Financial Literacy Opens Doors

Speaking finance improves career opportunities

After passing customs I walk into the main part of the Tianjin, China airport and enter a world of people speaking words I can’t understand and signs I can’t read. I must rely completely on my interpreters to help me make basic decisions.  (Asking for advice on where to site-see, ordering a meal, finding a taxi, etc.)  By not knowing Chinese I’m dependent on others and ignorant of much of what is going on around me.

In business the main language is finance.   Those that speak and understand it are more able to contribute and make decisions than those that don’t.  Learn to speak finance and you immediately become more employable and promotable.


From my hotel room window, I watch a soccer match between two Chinese teams.  It occurs to me that the language of soccer is the rules and the ways to keep score.  And a soccer player can’t perform well if he or she doesn’t know how the game is scored. In business, the way we keep score is found in finance.

In any aspect of life where money is involved the language is finance.  We are asked to make financial decisions in many areas; in our personal finances in the form of retirement planning, in the business context as a manager overseeing the budget of our department, or in the voting booth when the national debate is the size of the US debt.

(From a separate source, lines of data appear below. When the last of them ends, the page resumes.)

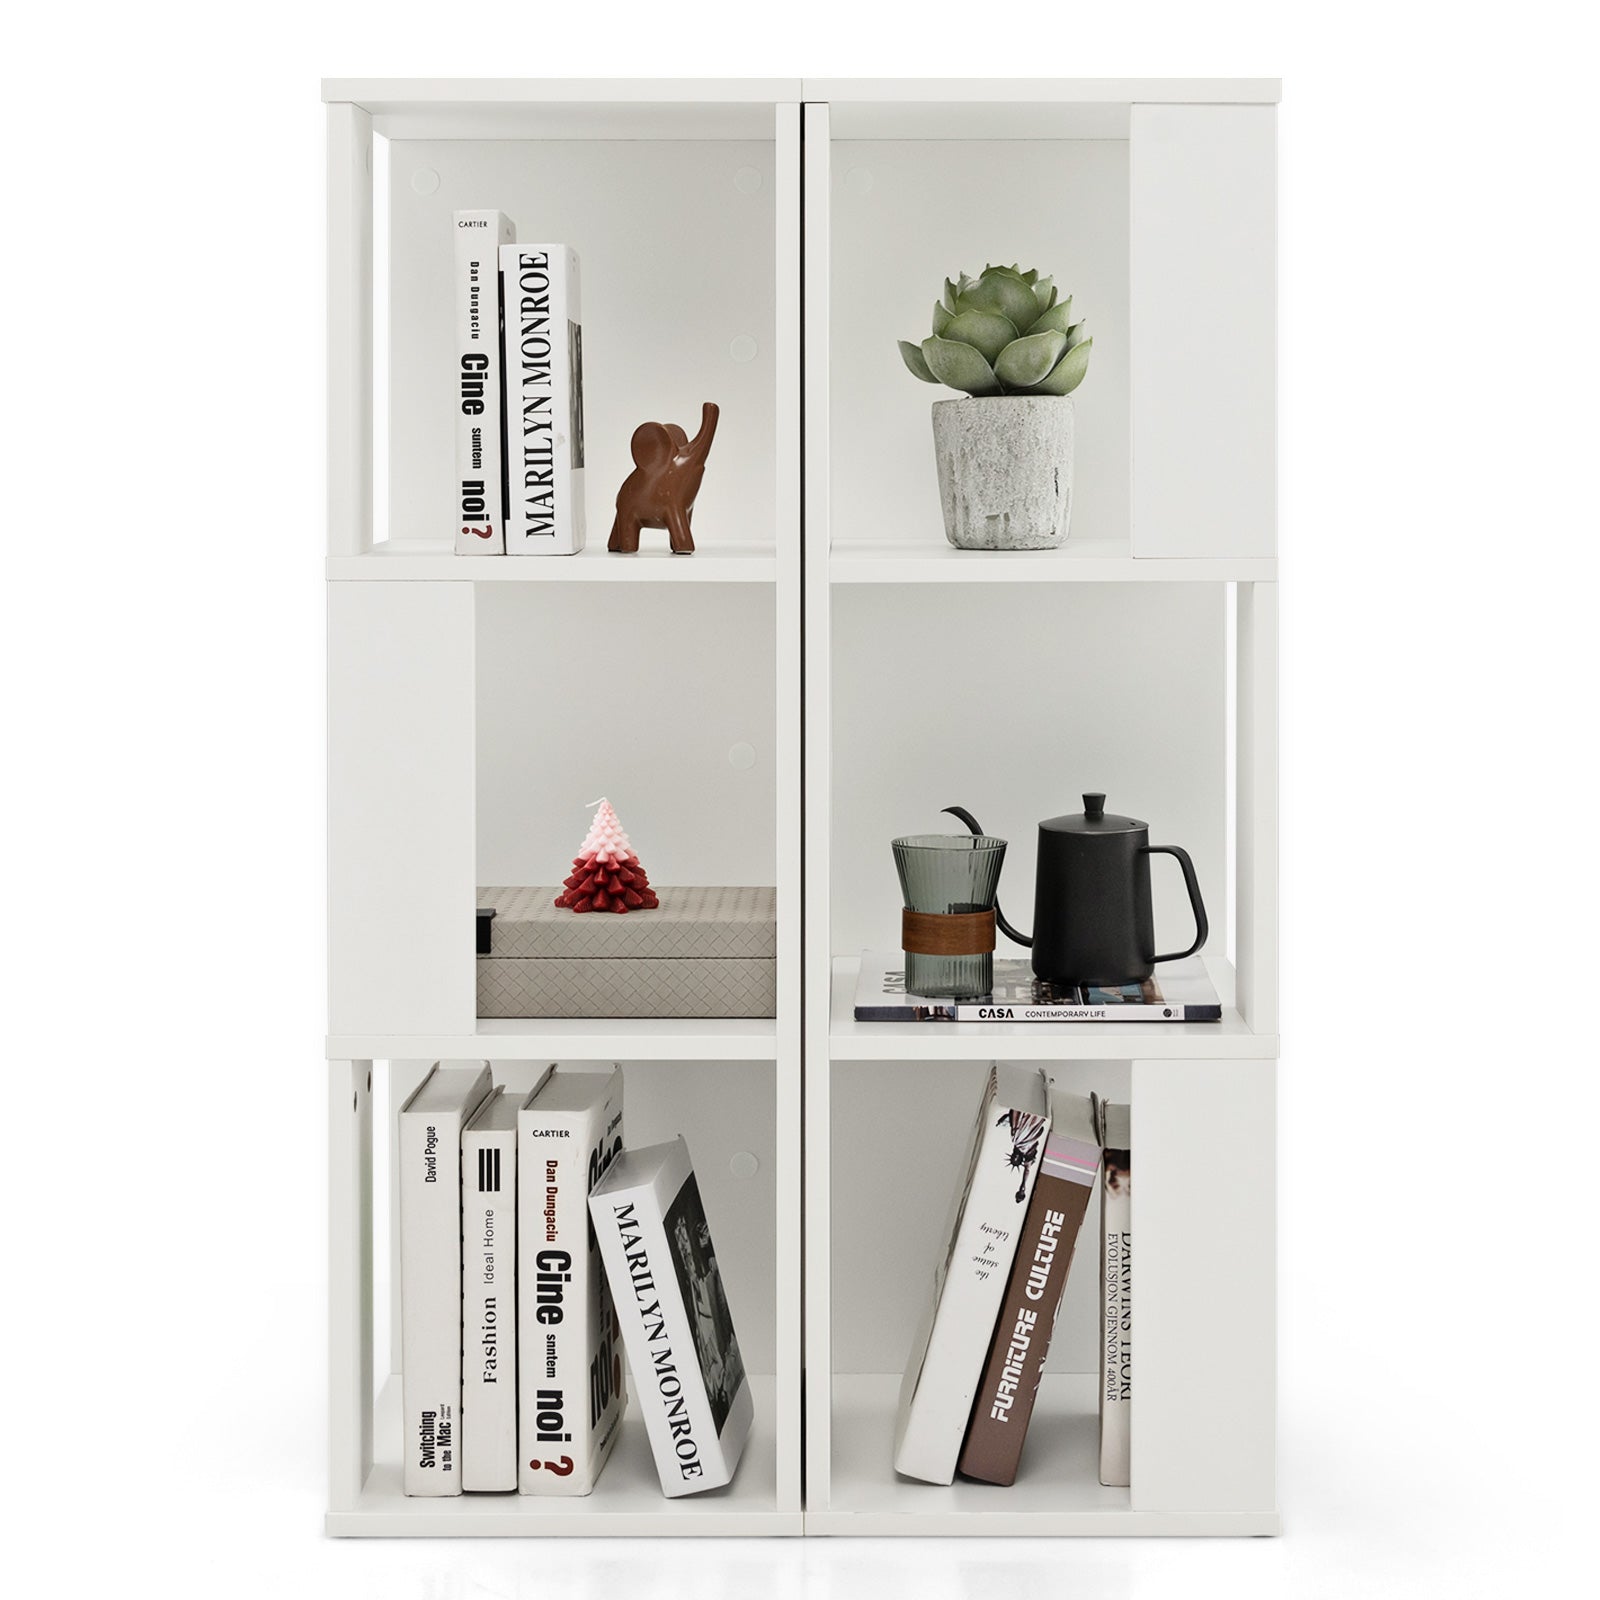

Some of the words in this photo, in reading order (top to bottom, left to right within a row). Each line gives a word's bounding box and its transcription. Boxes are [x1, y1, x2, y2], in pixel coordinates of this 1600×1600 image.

[458, 220, 488, 228] CARTIER
[470, 261, 480, 282] Dan
[470, 287, 480, 339] Dungaciu
[520, 252, 551, 386] MONROE
[461, 354, 489, 415] Cine
[472, 428, 482, 468] suntem
[523, 396, 554, 537] MARILYN
[978, 1008, 1014, 1019] CASA
[1024, 1010, 1089, 1018] CONTEMPORARY
[1089, 1010, 1106, 1018] LIFE
[425, 1126, 439, 1155] Pogue
[532, 1129, 570, 1138] CARTIER
[424, 1156, 437, 1183] David
[546, 1160, 558, 1182] Dan
[484, 1210, 494, 1247] Home
[544, 1187, 558, 1241] Dungaciu
[978, 1222, 1010, 1242] liberty
[983, 1242, 995, 1255] of
[484, 1253, 494, 1283] Ideal
[971, 1256, 999, 1269] statue
[1025, 1209, 1065, 1299] CULTURE
[1106, 1233, 1119, 1302] EVOLUSJON
[536, 1250, 571, 1324] Cine
[975, 1269, 990, 1281] the
[482, 1298, 497, 1383] Fashion
[614, 1203, 668, 1341] MARILYN
[651, 1348, 703, 1480] MONROE
[1106, 1305, 1119, 1364] GJENNOM
[419, 1411, 437, 1468] Switching
[437, 1422, 452, 1447] Mac
[442, 1450, 452, 1462] the

Studies show a large fraction of the population is woefully underprepared to make these decisions. The US suffers from a low level of financial literacy. And yet, there’s a strong relationship between understanding financial concepts, better financial decisions, employability, promotability, and household well-being.


I suspect many of us are financially illiterate because accounting classes we took in school were boring, and we found it difficult to forge a personal connection to Generally Accepted Accounted Principles.

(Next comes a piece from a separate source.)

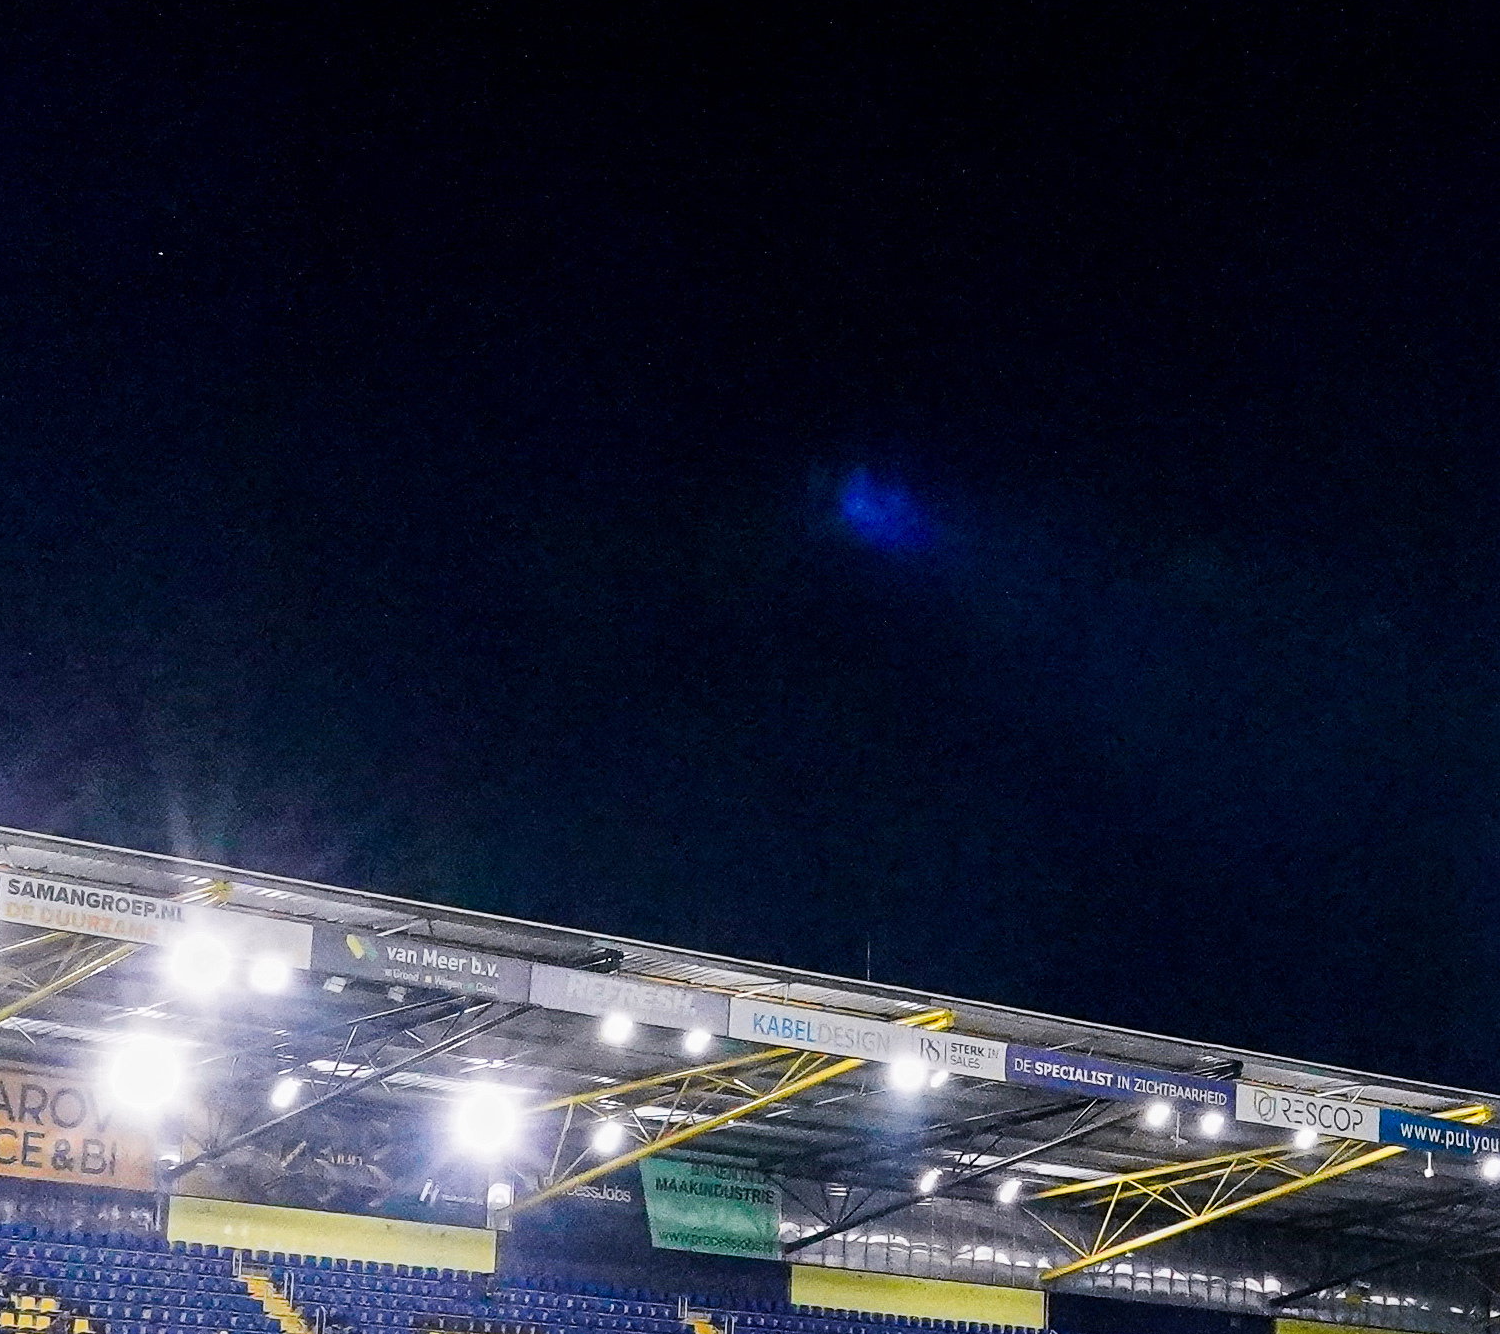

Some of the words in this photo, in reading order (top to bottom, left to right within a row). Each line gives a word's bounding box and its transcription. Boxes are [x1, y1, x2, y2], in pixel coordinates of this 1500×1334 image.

Now that we’re older, look for opportunities to learn finance with a “rule-of-thumb” approach that ties these best practices to real-world situations.

The client that has brought me to China does this better than most.  As a trans-national hotel corporation, they train all of its managers, regardless of country, in the common language of finance. Concepts and rules of thumb are taught, discussed, then applied in an interactive, competitive simulation where teams make dozens of decisions that have a direct impact on revenue, cost, market share, employee engagement and customer loyalty.

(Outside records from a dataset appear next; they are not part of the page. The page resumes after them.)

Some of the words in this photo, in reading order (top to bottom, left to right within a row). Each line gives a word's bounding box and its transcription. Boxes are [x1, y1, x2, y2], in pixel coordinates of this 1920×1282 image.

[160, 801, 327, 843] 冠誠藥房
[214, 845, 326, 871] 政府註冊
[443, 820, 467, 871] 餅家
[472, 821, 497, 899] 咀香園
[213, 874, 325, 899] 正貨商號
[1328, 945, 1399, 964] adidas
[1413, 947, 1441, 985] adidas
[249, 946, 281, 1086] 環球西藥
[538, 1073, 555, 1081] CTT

To build financial literacy:

  • Ask your manager to walk you through how the company keeps score. I.e., profit and loss statement, balance sheet, and cash flow statement, dashboards, balanced scorecards
  • Learn how your manger’s performance is measured
  • Take basic classes in accounting and finance at local or online colleges
  • Read The Wall Street Journal, The Economist and the business section of The Arizona Republic
  • Learn how to build and read excel spreadsheets
  • To be considered for higher-level positions get experience managing a budget or the revenue and costs of a department

More so than ever, companies hire and promote people who understand the language of finance.  As you plan for that new job or promotion consider this; skills are like dollars: If they don’t grow they become less valuable over time.